We present the case of a 47-year-old man that was admitted to the Department of Digestive Diseases due to epigastric abdominal pain, nausea, and vomiting over a three week period. Laboratory tests highlighted the presence of anemia (7 mg/dl) and elevated amylase (153 U/l), lipase (190 U/l), and PCR (100 mg/l). An abdominal ultrasound was performed in which gallstones were observed as well as a destructured pancreas with an adjacent large hyperdense collection. By means of an abdominal computerized tomography scan (CT) the presence of acute pancreatitis with necrosis at the level of the pancreatic head, peripancreatic collections, and a 12 cm hematoma at the level of the gastric wall were noted (Fig. 1). Conservative treatment was established with good clinical evolution.
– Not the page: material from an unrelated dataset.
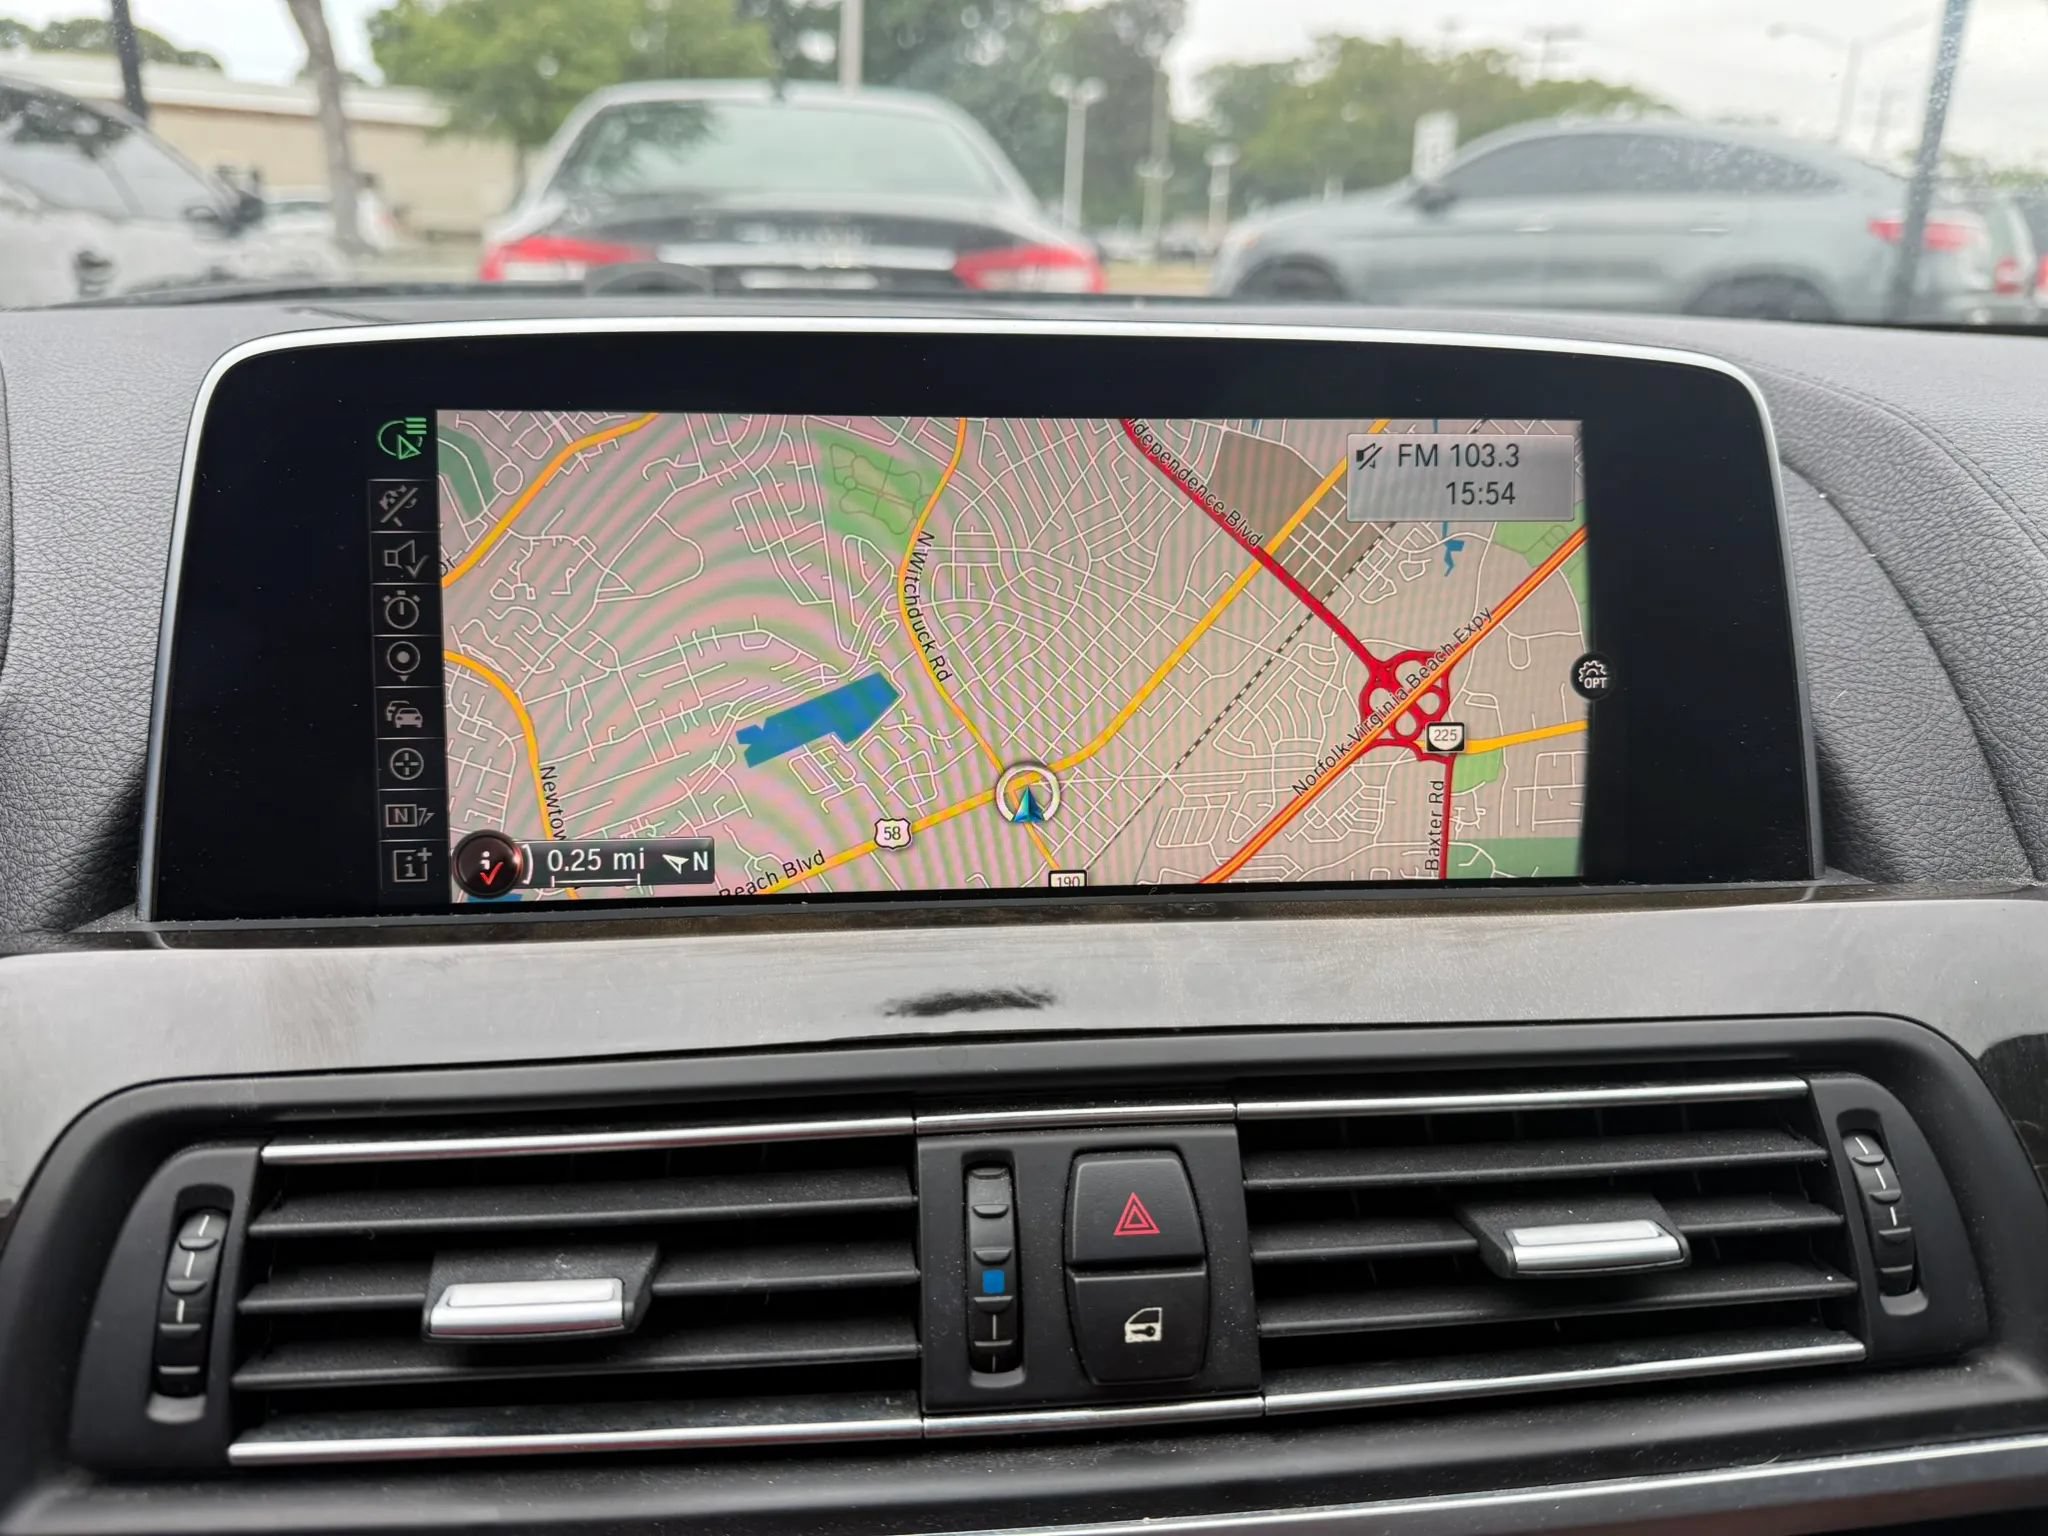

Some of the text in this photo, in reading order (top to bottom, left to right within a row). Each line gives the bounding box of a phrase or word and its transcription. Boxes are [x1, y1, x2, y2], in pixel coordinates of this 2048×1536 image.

A follow-up CT two months later showed a decrease in the size of the hematoma. DiscussionIntramural hematomas of the gastrointestinal tract are an infrequent pathology. The majority of them occur in the duodenal wall, and a gastric location is less common (1). The most usual etiology is via trauma although it can also be related with endoscopic procedures, ulcer disease, or coagulation disorders (2). Few cases have been described in relation to acute pancreatitis (2-4). In that context it can occur as a result of the irritative effect of pancreatic enzymes on the vascular structures, as well as the compression of pancreatic necrosis and peripancreatic collections over adjacent structures (4).The management of these patients should be conservative in the absence of important active bleeding or other complications. Otherwise, vascular embolization by radiology is a safe and minimally invasive option, reserving surgery for selected cases (1).